Become A Safer Investor – Get Married

Married CEOs and fund managers take less risks than single ones
Sex and CEOs

Sexual selection – the competition for mates – lies at the heart of Charles Darwin’s theory of natural selection. All things being equal – which they never are, of course – any behavior or attribute which makes an individual more attractive to breeding partners should end up being selected for because the unsuccessful individuals in the mating game leave no offspring.

Given the biological imperative to pass on their genes you’d expect people to fairly aggressive in trying to do so. The evidence suggests that humans, like other species, tend to become risk-takers when confronted with the need to acquire a partner, particularly one of higher status. All of which leads to the slightly odd conclusion that, if you want your money handled as safely as possible, you should look for married managers in stable relationships. Or women.

Risks and Rewards

The original idea behind natural selection was about competition for scarce resources. Food is the obvious resource – but accessing sources of food only keeps you alive, it doesn’t guarantee you’ll manage to pass on your genes. Hence Darwin added the concept of sexual selection, the idea of a competition, mainly amongst men, for access to mates. Sexual selection has been used to explain various animal kingdom oddities like the extravagance of the peacock’s tail and the ridiculous nests of the bower birds: the males are trying to impress prospective partners (see: Advertising on the Handicap Principle).

Michael Baker and Jon Maner in Risk-taking as a Situationally Sensitive Male Mating Strategy suggest that risk-taking is a valuable strategy for males attempting to signal their reproductive fitness:
"Among men, risky behaviors have potential for displaying to potential mates characteristics such as social dominance, confidence, ambition, skill and mental acuity, all of which are highly desired by women seeking a romantic partner ... Because male risk-taking is thought to be derived ultimately from intrasexual competition over potential mating opportunities, we predict that interest in procuring a mate will be associated with increased risk-taking among men".
Their evidence supports this prediction.  For those of us inclined to behavioral explanations of most things it's a neat twist that the experiment uses priming to induce the effect: male participants primed with pictures of attractive female faces were more likely to demonstrate risk taking behaviors, once memory effects were taken into account.  In essence, participants became more or less of a risk-taker dependent on whether they were exposed to pictures of attractive women.  Aren't we sad, guys?

More Cows, Please

This sort of experiment has led some researchers to wonder if this situational risk-taking behavior extends into investment markets which are, after all, the modern equivalent of the primeval jungle.  The idea is that although our underlying motivations are the same the particular expression of it will be in ways that are specific to local cultures. So if you live in a society where status is measured in the number of cattle you own then taking risks to acquire more cows is quite likely.

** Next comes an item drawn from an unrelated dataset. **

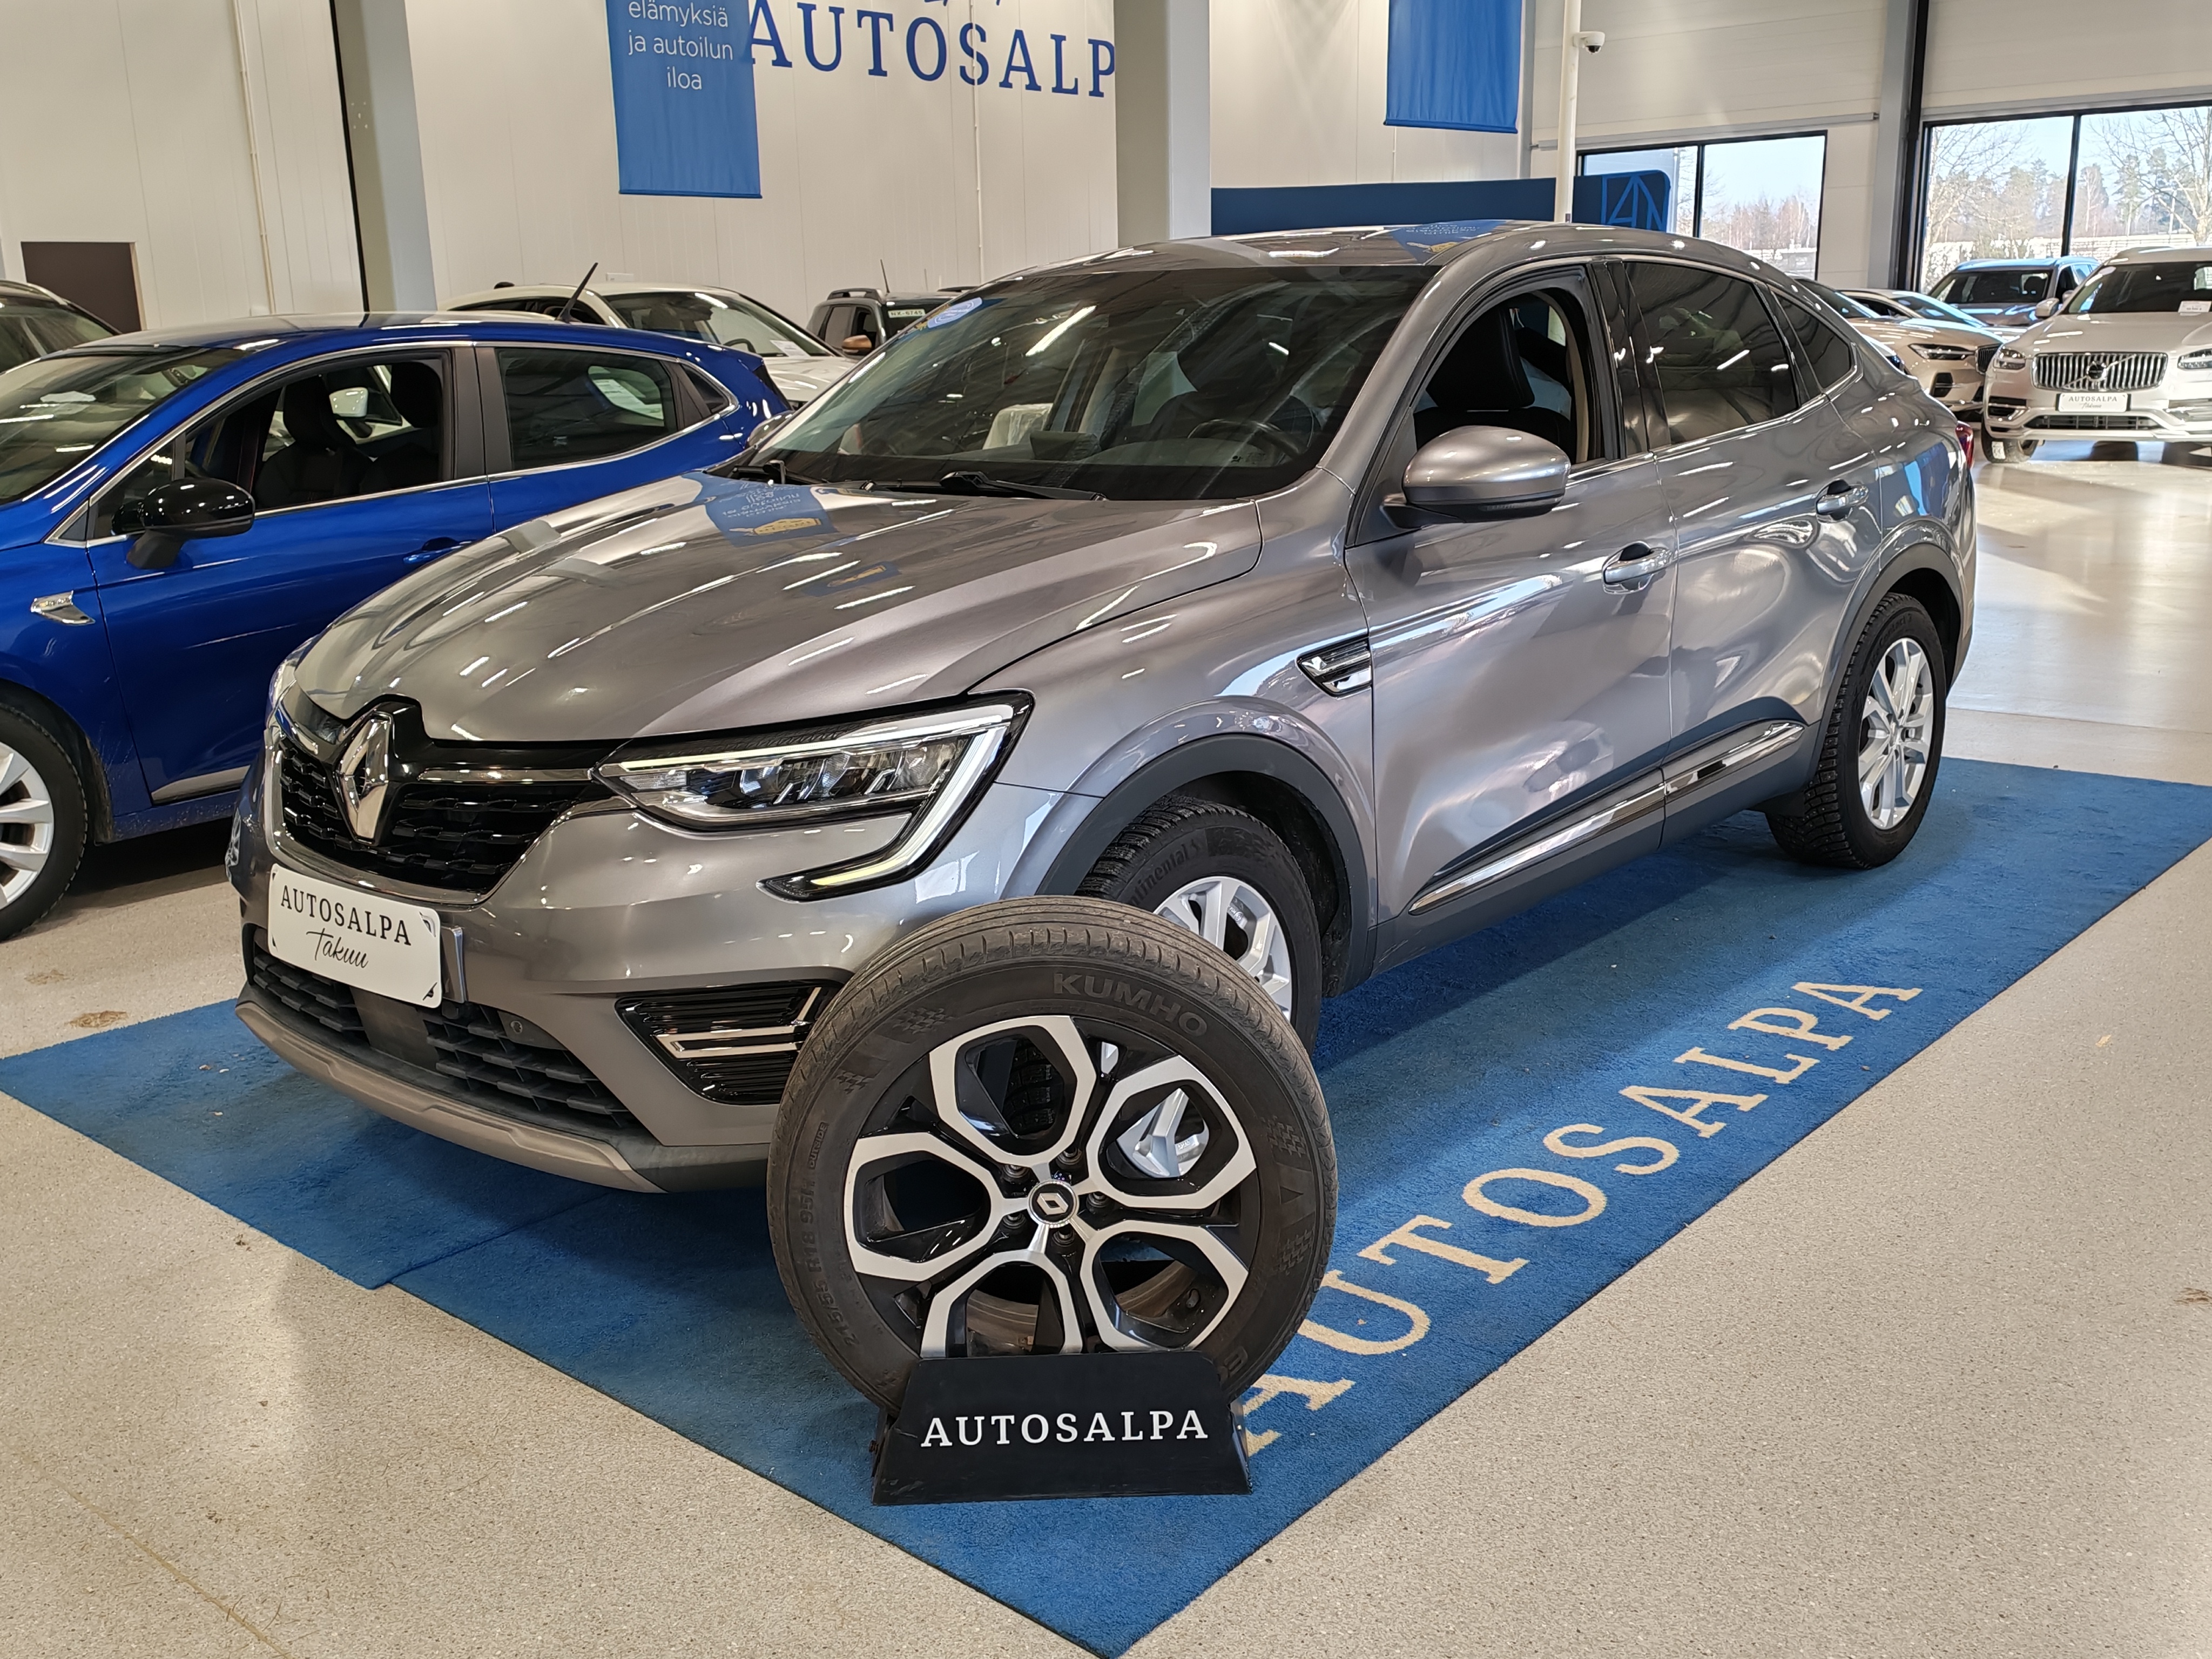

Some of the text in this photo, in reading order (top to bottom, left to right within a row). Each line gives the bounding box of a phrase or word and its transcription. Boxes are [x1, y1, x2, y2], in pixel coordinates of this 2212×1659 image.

If, on the other hand, you’re a CEO or a fund manager you’re quite likely to judge status in terms of money: and to be prepared to take risks to get more of it. Which is OK, apart from the fact that CEOs and fund managers tend to be in the highly privileged position of being able to take risks with other peoples’ money in order to fuel their need for improved status. If they started trading other peoples' cows in order to get laid there'd likely be an uproar.

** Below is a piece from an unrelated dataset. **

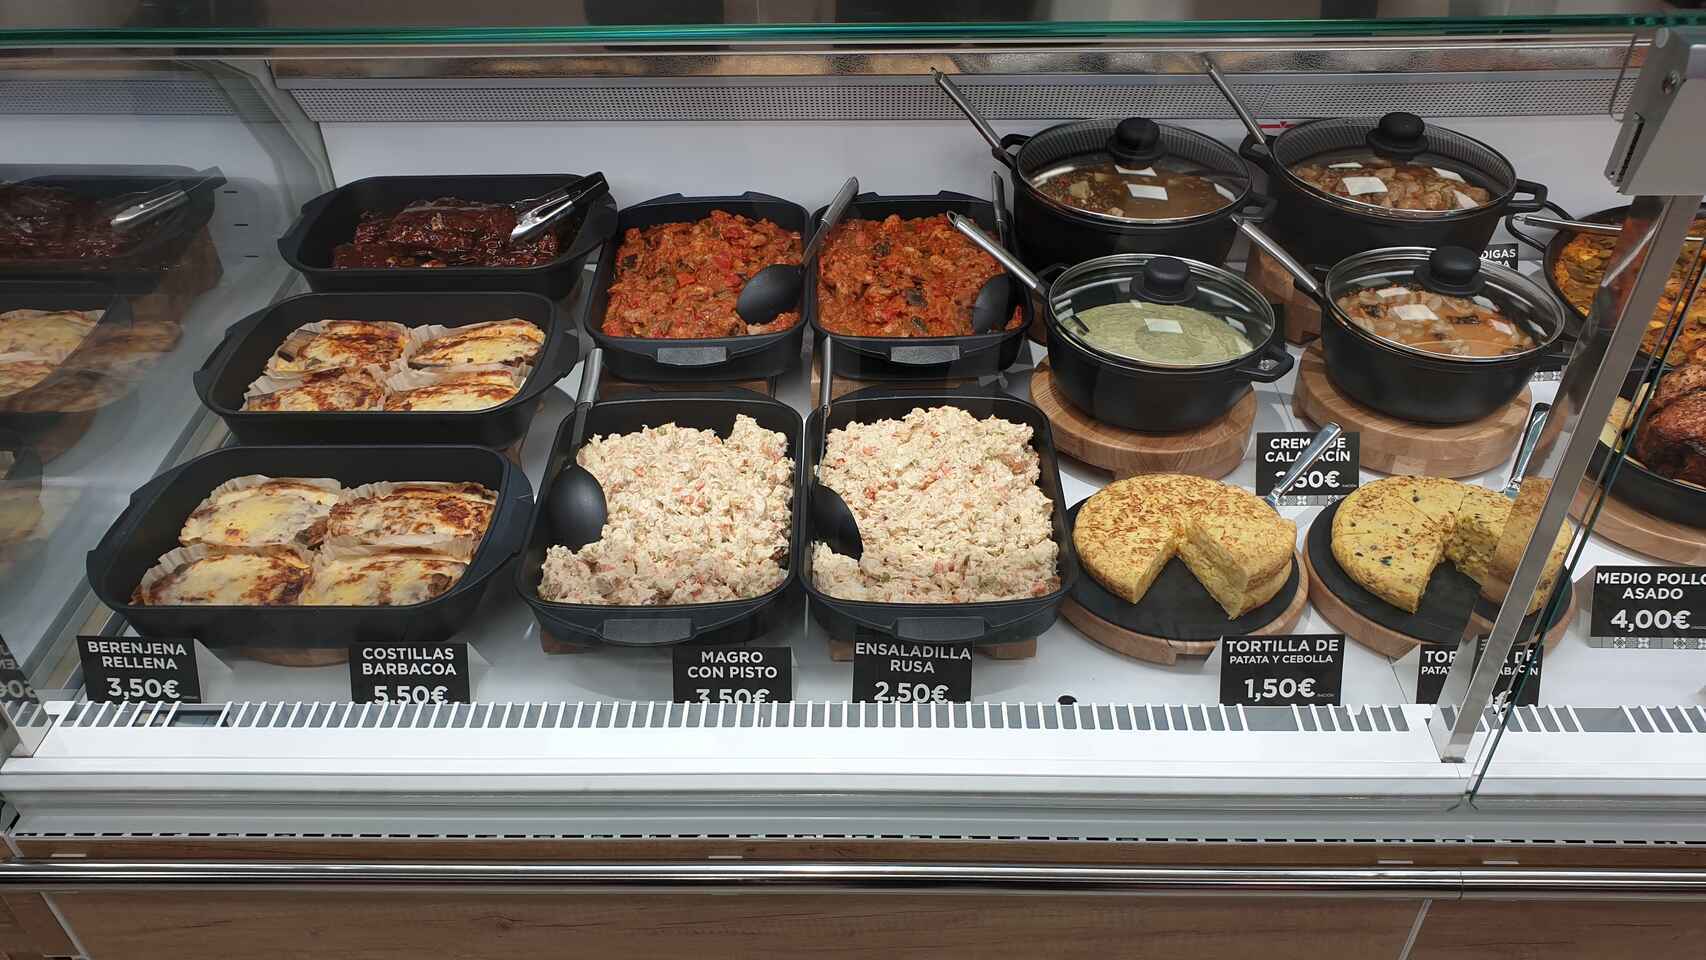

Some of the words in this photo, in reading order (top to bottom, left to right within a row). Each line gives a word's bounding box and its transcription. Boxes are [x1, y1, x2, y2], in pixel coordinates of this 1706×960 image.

The corollary to this speculation is that corporate leaders who don’t have any pressing need to acquire a partner by demonstrating their money fuelled top-of-the-tree status will probably feel less inclined to take risks. All of which leads to the hypothesis that married senior executives will be less likely to be extreme risk takers than single ones.  Of course, marriage doesn’t always signal an end to the mating game for everyone but the researchers usefully suggest that the high costs of divorce might be an economic inducement for executives to remain nominally faithful.

Idiosyncratic

The type of risk we’d expect in these situations is what’s known as idiosyncratic risk. Typically we see irrational risk taking behavior created by herding. An extreme example was the dotcom craze where everyone bought the same odd collection of telecom and IT stocks. In that case everyone was taking on risk, but as they were taking on similar risks this can be said to be systematic risk. In that situation idiosyncratic risk was doing something different from the herd – like buying old economy stocks.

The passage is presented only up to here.